Exercise goal =
Could the data below be printed out exactly, with the pictures left out?

Images for object localization
____________________

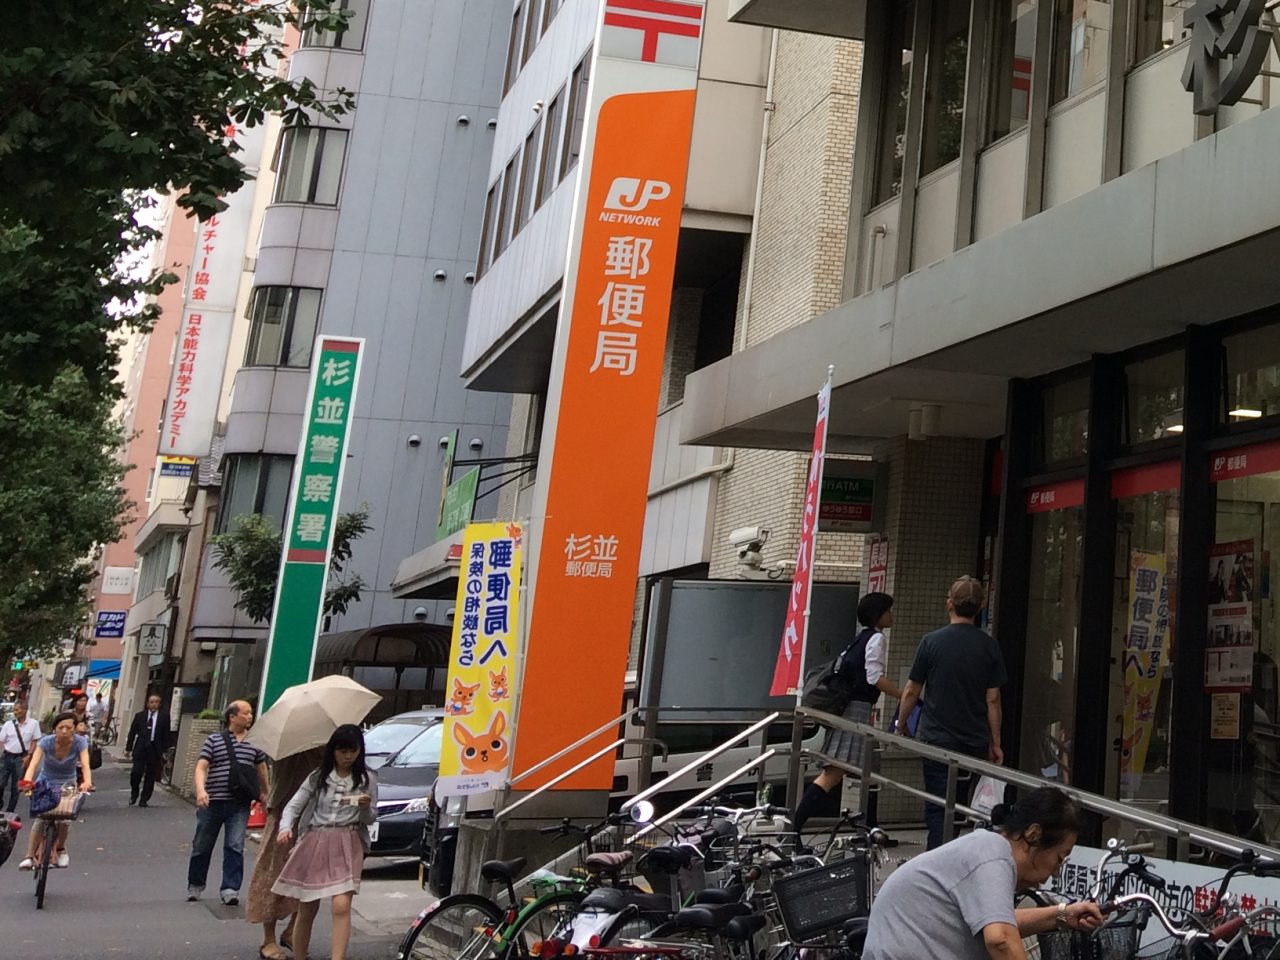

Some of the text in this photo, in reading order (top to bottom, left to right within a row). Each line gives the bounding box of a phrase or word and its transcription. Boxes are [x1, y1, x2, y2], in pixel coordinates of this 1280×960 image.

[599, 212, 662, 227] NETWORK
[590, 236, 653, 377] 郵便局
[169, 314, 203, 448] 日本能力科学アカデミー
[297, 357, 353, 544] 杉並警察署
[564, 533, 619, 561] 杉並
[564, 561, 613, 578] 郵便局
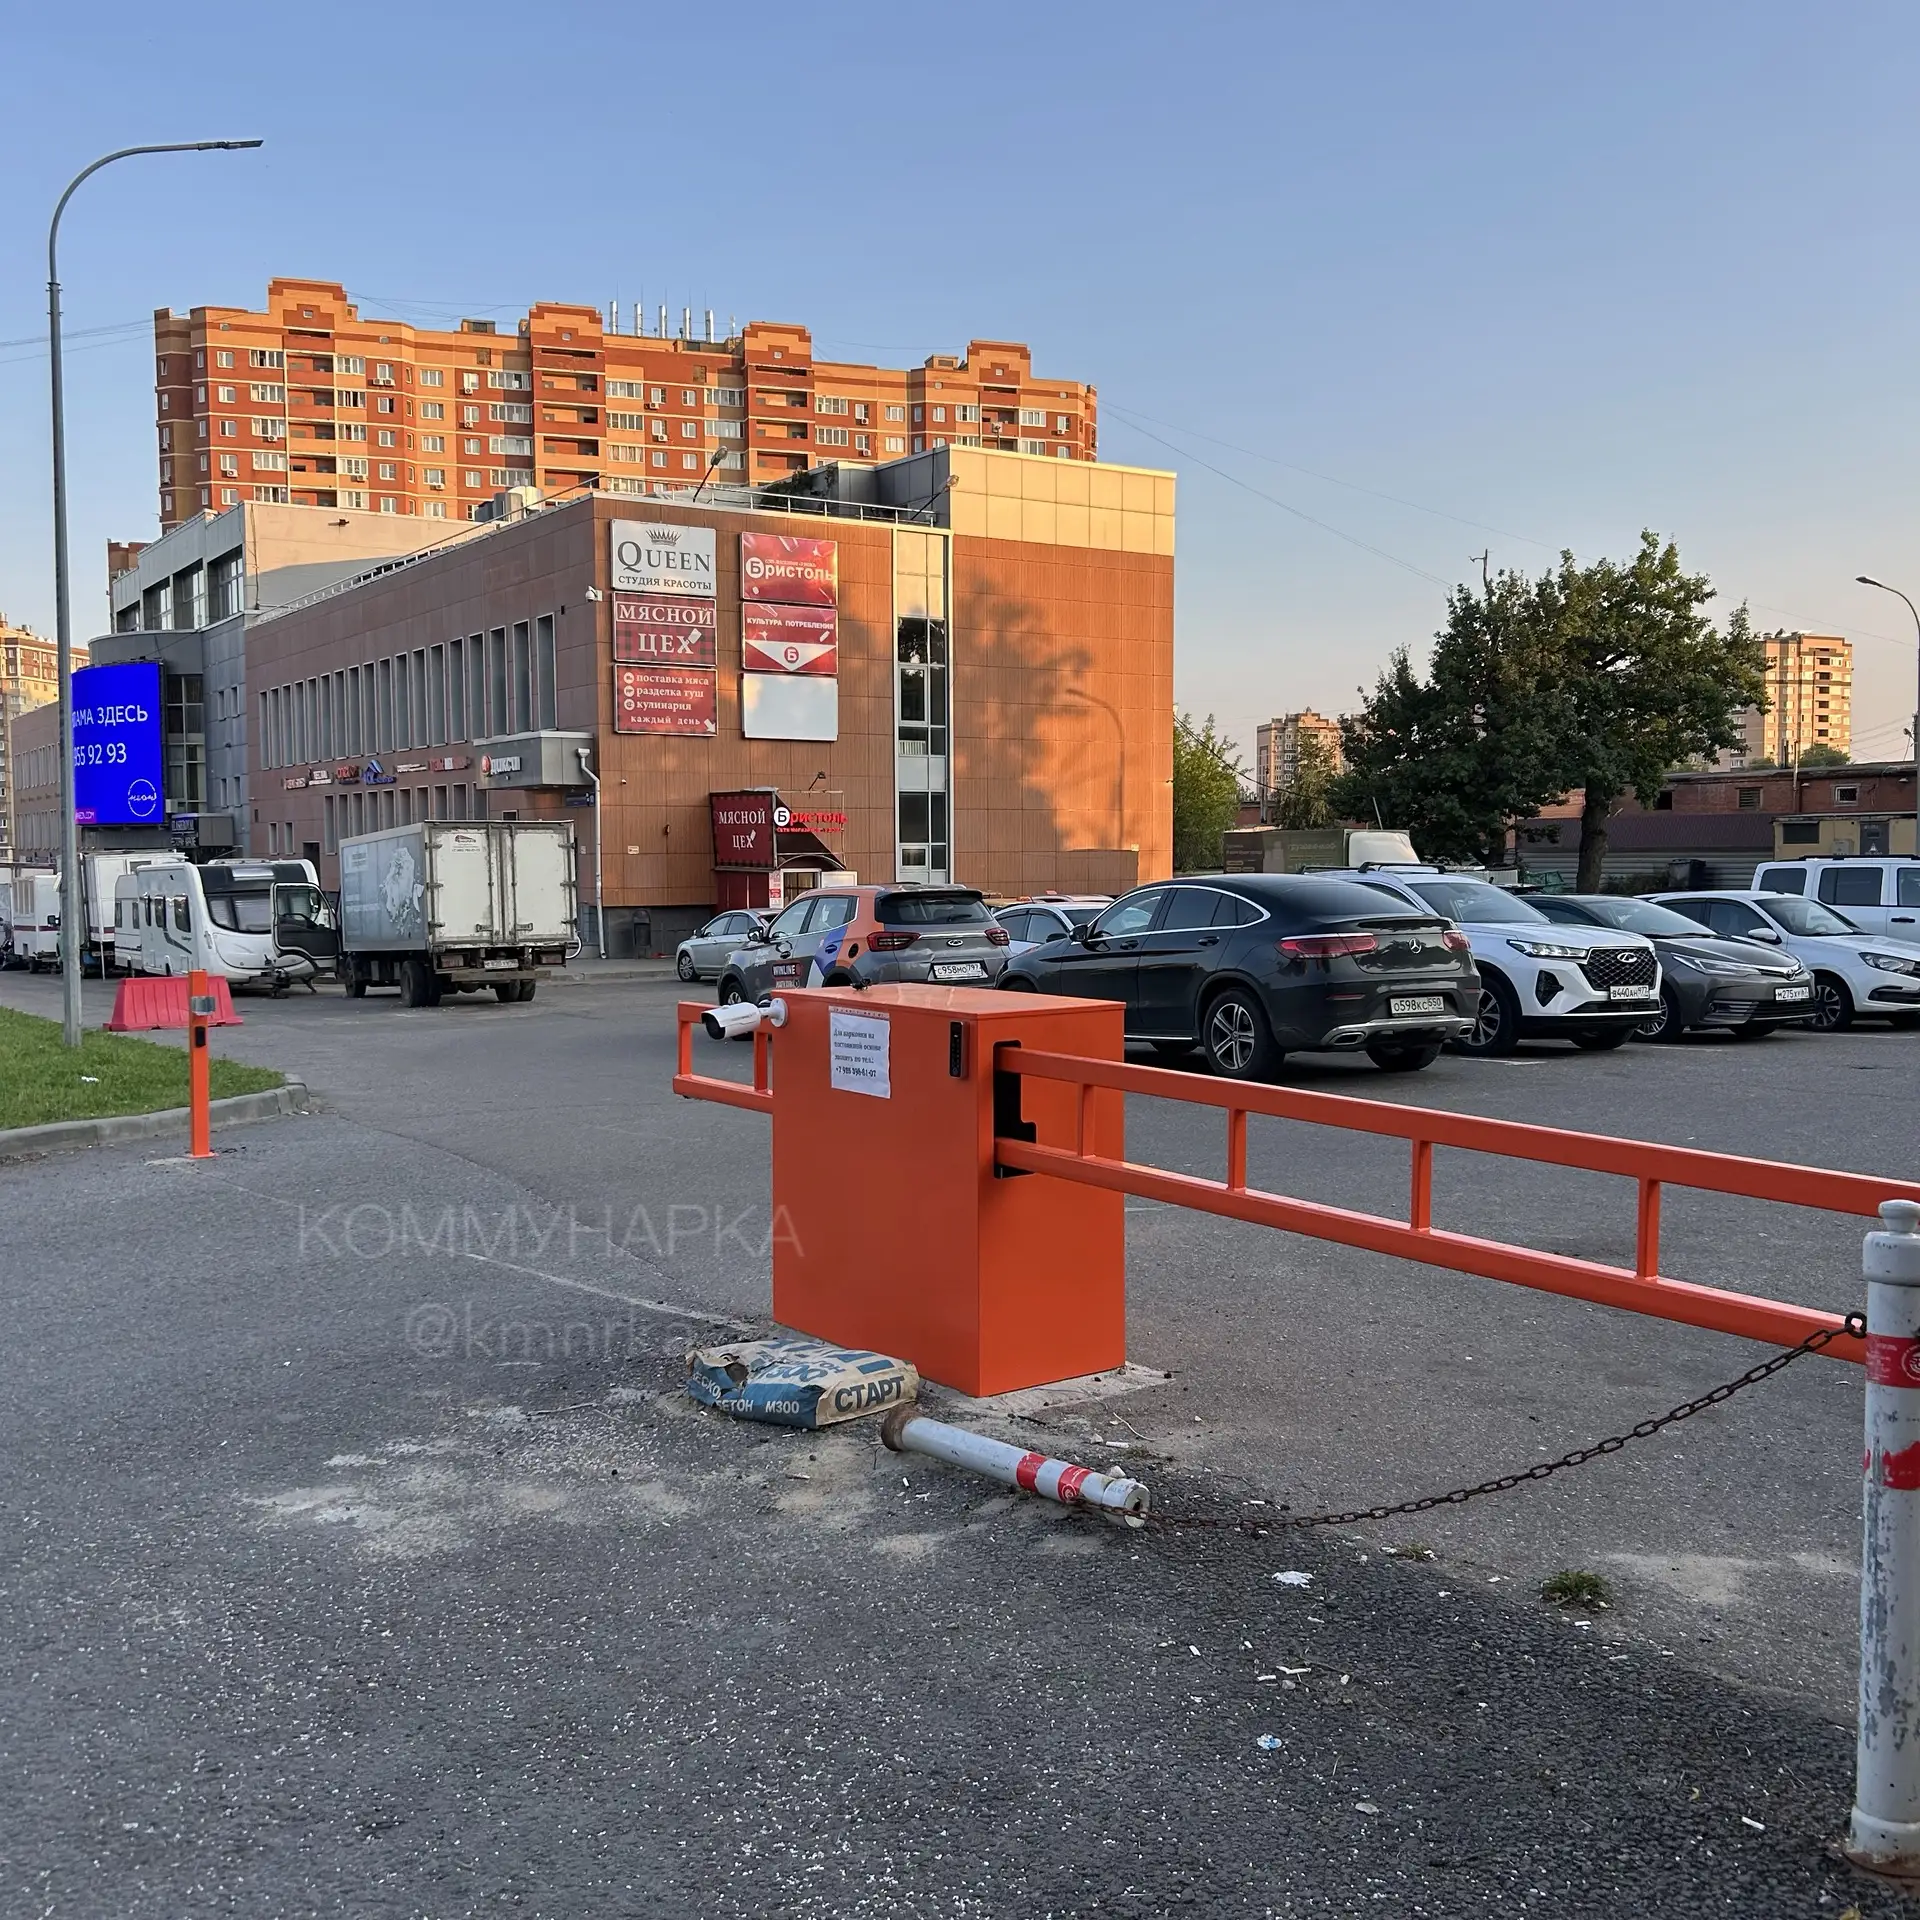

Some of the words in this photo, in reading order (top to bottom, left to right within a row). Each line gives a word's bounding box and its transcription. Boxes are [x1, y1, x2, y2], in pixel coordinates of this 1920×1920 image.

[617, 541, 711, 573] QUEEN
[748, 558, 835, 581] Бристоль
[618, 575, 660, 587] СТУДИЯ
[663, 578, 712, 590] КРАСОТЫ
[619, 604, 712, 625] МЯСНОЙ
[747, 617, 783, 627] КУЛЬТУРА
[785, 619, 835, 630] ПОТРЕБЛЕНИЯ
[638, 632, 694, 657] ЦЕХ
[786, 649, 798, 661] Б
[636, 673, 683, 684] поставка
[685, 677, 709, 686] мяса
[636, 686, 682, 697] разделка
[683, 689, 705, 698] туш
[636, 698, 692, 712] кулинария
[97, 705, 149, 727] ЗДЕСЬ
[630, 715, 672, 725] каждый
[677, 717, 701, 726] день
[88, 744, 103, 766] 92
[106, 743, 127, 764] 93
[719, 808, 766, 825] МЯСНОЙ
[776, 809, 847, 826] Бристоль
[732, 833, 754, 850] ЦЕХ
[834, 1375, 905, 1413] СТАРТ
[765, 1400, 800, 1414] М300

____________________

Answer to this problem =
Some of the text in this photo, in reading order (top to bottom, left to right within a row). Each line gives the bounding box of a phrase or word and its transcription. Boxes are [x1, y1, x2, y2], in pixel coordinates of this 1280×960 image.

[599, 212, 662, 227] NETWORK
[590, 236, 653, 377] 郵便局
[169, 314, 203, 448] 日本能力科学アカデミー
[297, 357, 353, 544] 杉並警察署
[564, 533, 619, 561] 杉並
[564, 561, 613, 578] 郵便局

Some of the words in this photo, in reading order (top to bottom, left to right within a row). Each line gives a word's bounding box and its transcription. Boxes are [x1, y1, x2, y2], in pixel coordinates of this 1920×1920 image.

[617, 541, 711, 573] QUEEN
[748, 558, 835, 581] Бристоль
[618, 575, 660, 587] СТУДИЯ
[663, 578, 712, 590] КРАСОТЫ
[619, 604, 712, 625] МЯСНОЙ
[747, 617, 783, 627] КУЛЬТУРА
[785, 619, 835, 630] ПОТРЕБЛЕНИЯ
[638, 632, 694, 657] ЦЕХ
[786, 649, 798, 661] Б
[636, 673, 683, 684] поставка
[685, 677, 709, 686] мяса
[636, 686, 682, 697] разделка
[683, 689, 705, 698] туш
[636, 698, 692, 712] кулинария
[97, 705, 149, 727] ЗДЕСЬ
[630, 715, 672, 725] каждый
[677, 717, 701, 726] день
[88, 744, 103, 766] 92
[106, 743, 127, 764] 93
[719, 808, 766, 825] МЯСНОЙ
[776, 809, 847, 826] Бристоль
[732, 833, 754, 850] ЦЕХ
[834, 1375, 905, 1413] СТАРТ
[765, 1400, 800, 1414] М300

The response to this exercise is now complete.